Start of GIVEN DATA
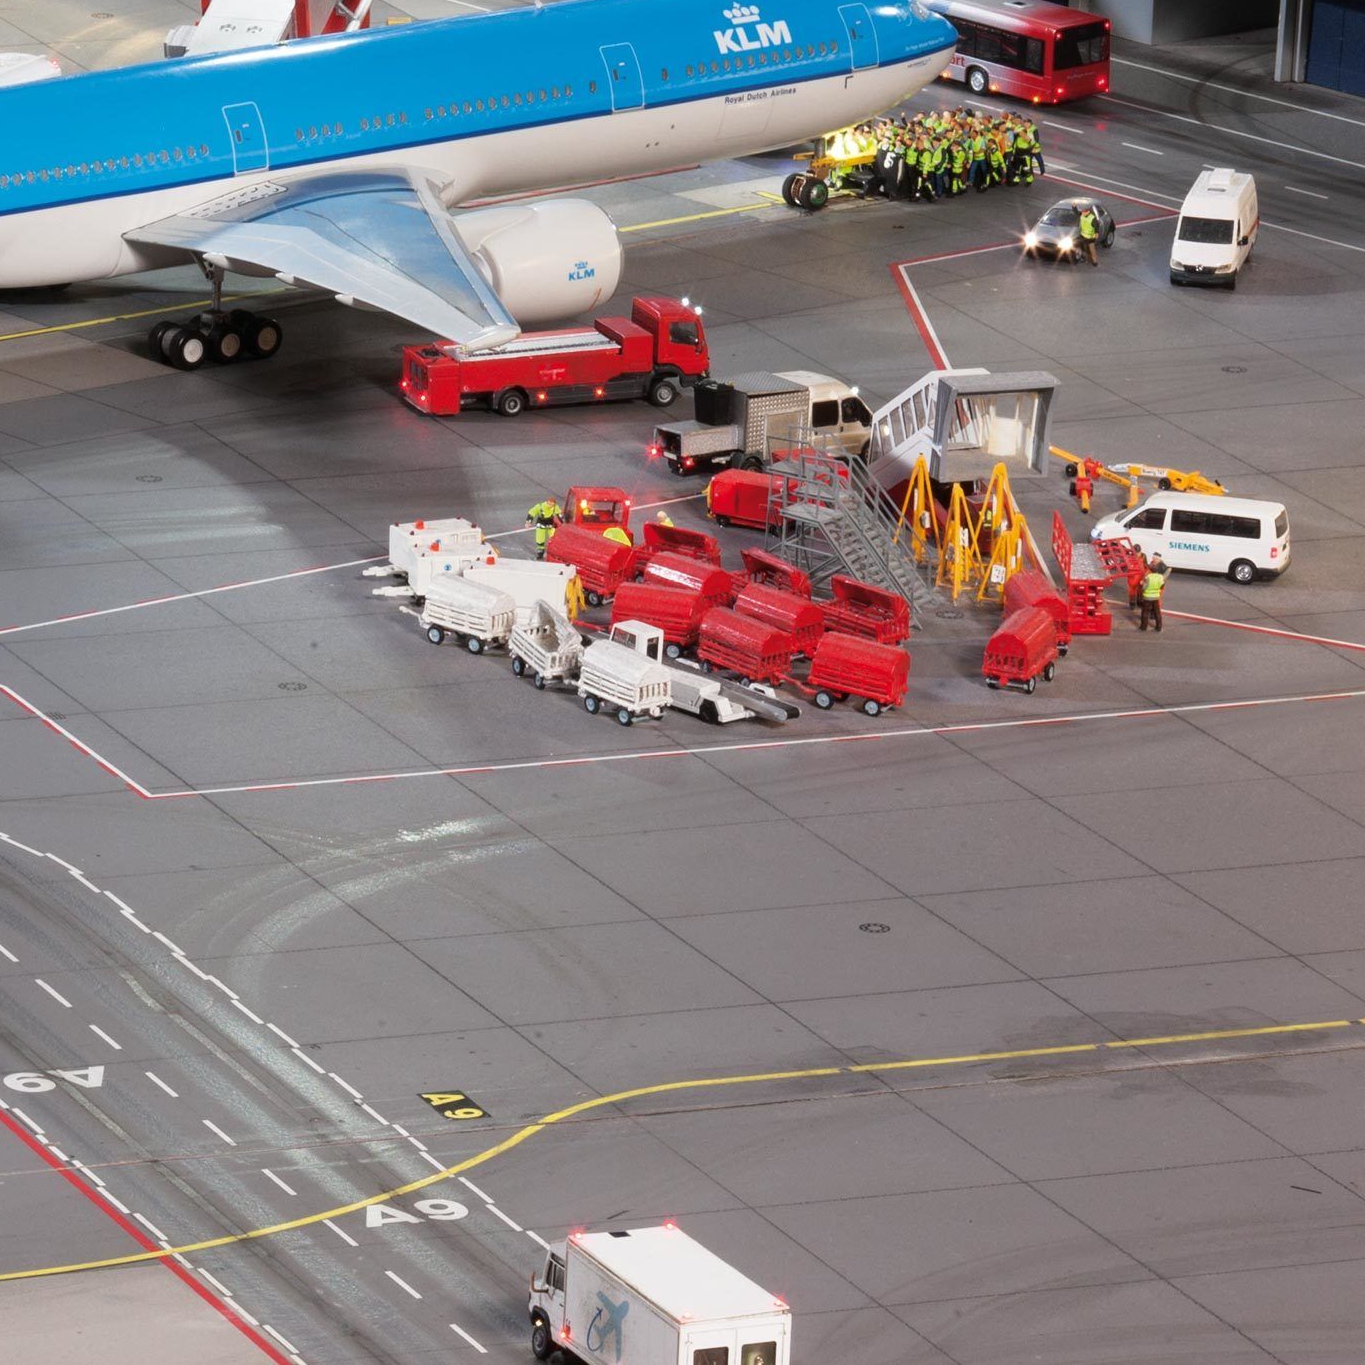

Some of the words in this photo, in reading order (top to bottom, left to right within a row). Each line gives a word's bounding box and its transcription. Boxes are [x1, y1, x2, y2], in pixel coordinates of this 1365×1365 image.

[712, 20, 793, 55] KLM
[724, 93, 745, 105] Royal
[747, 91, 768, 102] Dutch
[770, 88, 797, 99] Airlines
[568, 268, 595, 281] KLM
[1168, 541, 1210, 553] SIEMENS
[3, 1065, 105, 1093] A9
[366, 1198, 470, 1228] A9
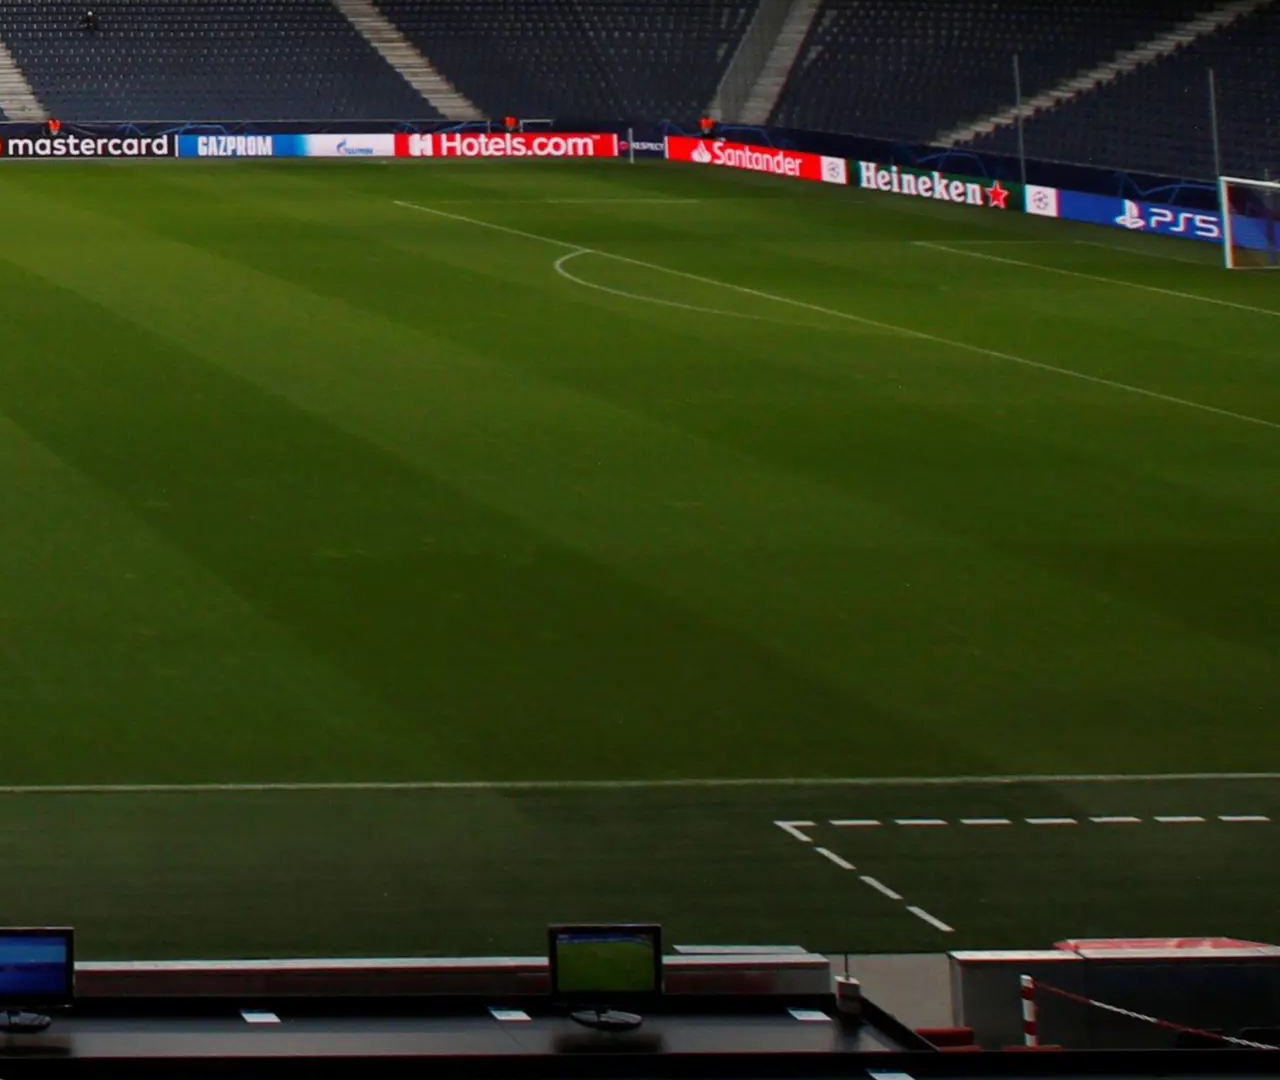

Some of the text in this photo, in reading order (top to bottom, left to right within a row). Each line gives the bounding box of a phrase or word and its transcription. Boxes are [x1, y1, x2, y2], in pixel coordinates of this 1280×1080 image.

[8, 134, 168, 156] mastercard
[197, 135, 272, 156] GAZPROM
[441, 132, 594, 156] Hotels.com
[630, 142, 663, 151] RESPECT
[713, 141, 802, 177] Santander
[860, 160, 983, 206] Heineken
[1150, 208, 1219, 237] PS5
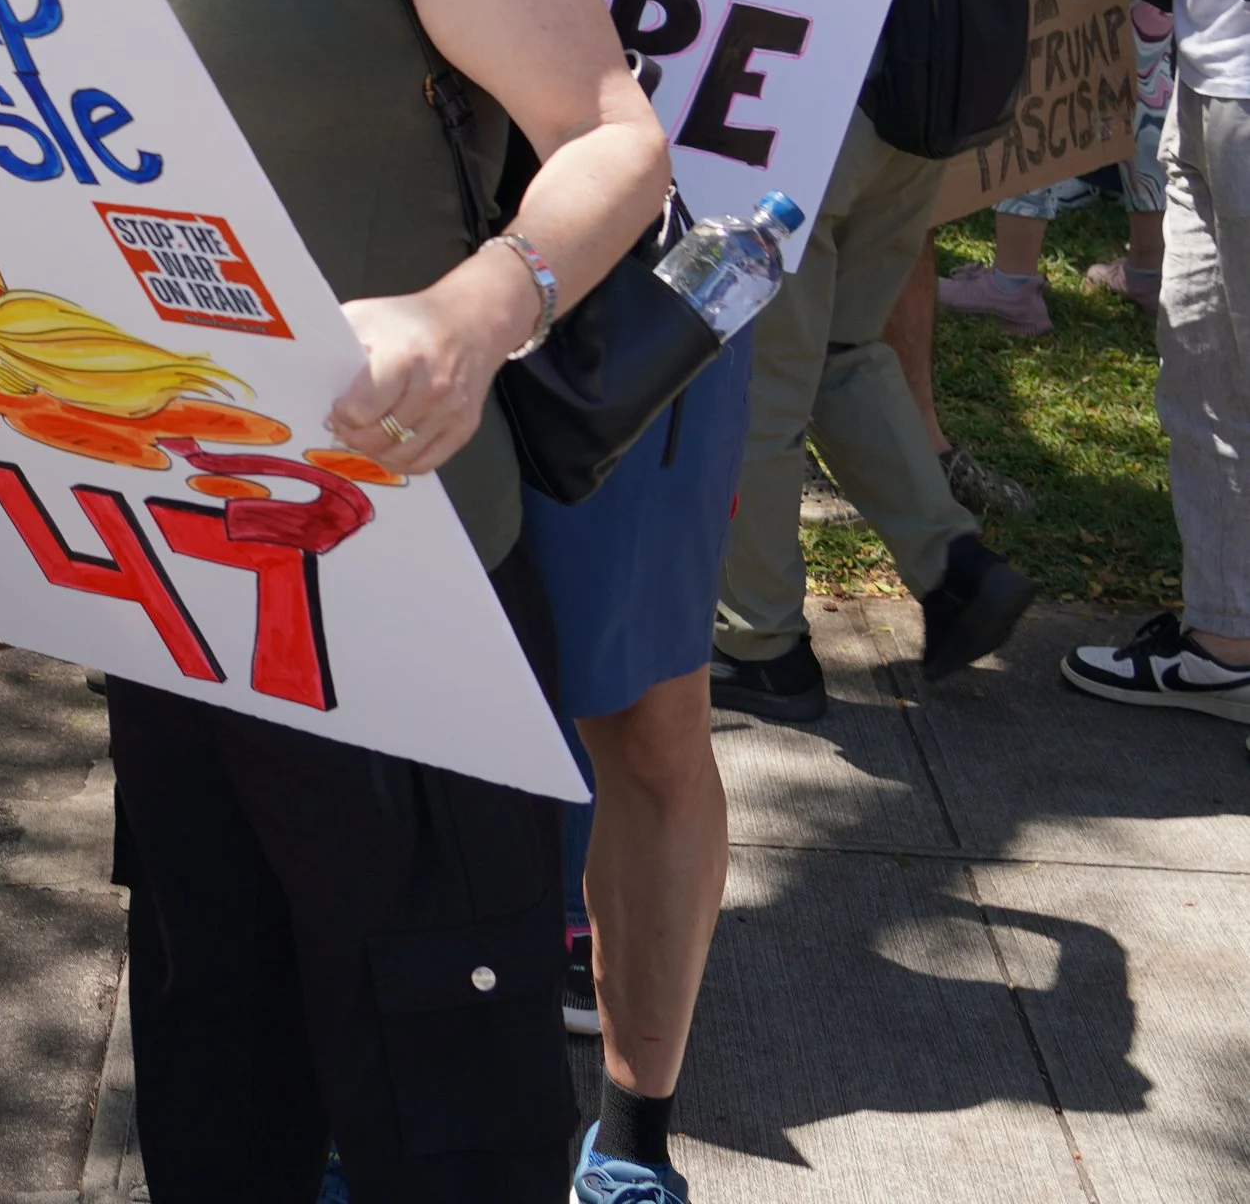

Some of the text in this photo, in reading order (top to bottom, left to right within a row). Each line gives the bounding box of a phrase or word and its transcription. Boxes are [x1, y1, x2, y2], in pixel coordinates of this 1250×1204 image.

[112, 216, 229, 256] STOP THE
[152, 249, 221, 283] WAR
[149, 276, 263, 317] ON IRAN!
End of GIVEN DATA
## WHAT THE TASK REQUIRES
Please set down, with no changes, the line that contains "this 1250×1204 image." and all the lines after it until the entries end; write nothing besides them.

## WRITTEN SOLUTION
Some of the text in this photo, in reading order (top to bottom, left to right within a row). Each line gives the bounding box of a phrase or word and its transcription. Boxes are [x1, y1, x2, y2], in pixel coordinates of this 1250×1204 image.

[112, 216, 229, 256] STOP THE
[152, 249, 221, 283] WAR
[149, 276, 263, 317] ON IRAN!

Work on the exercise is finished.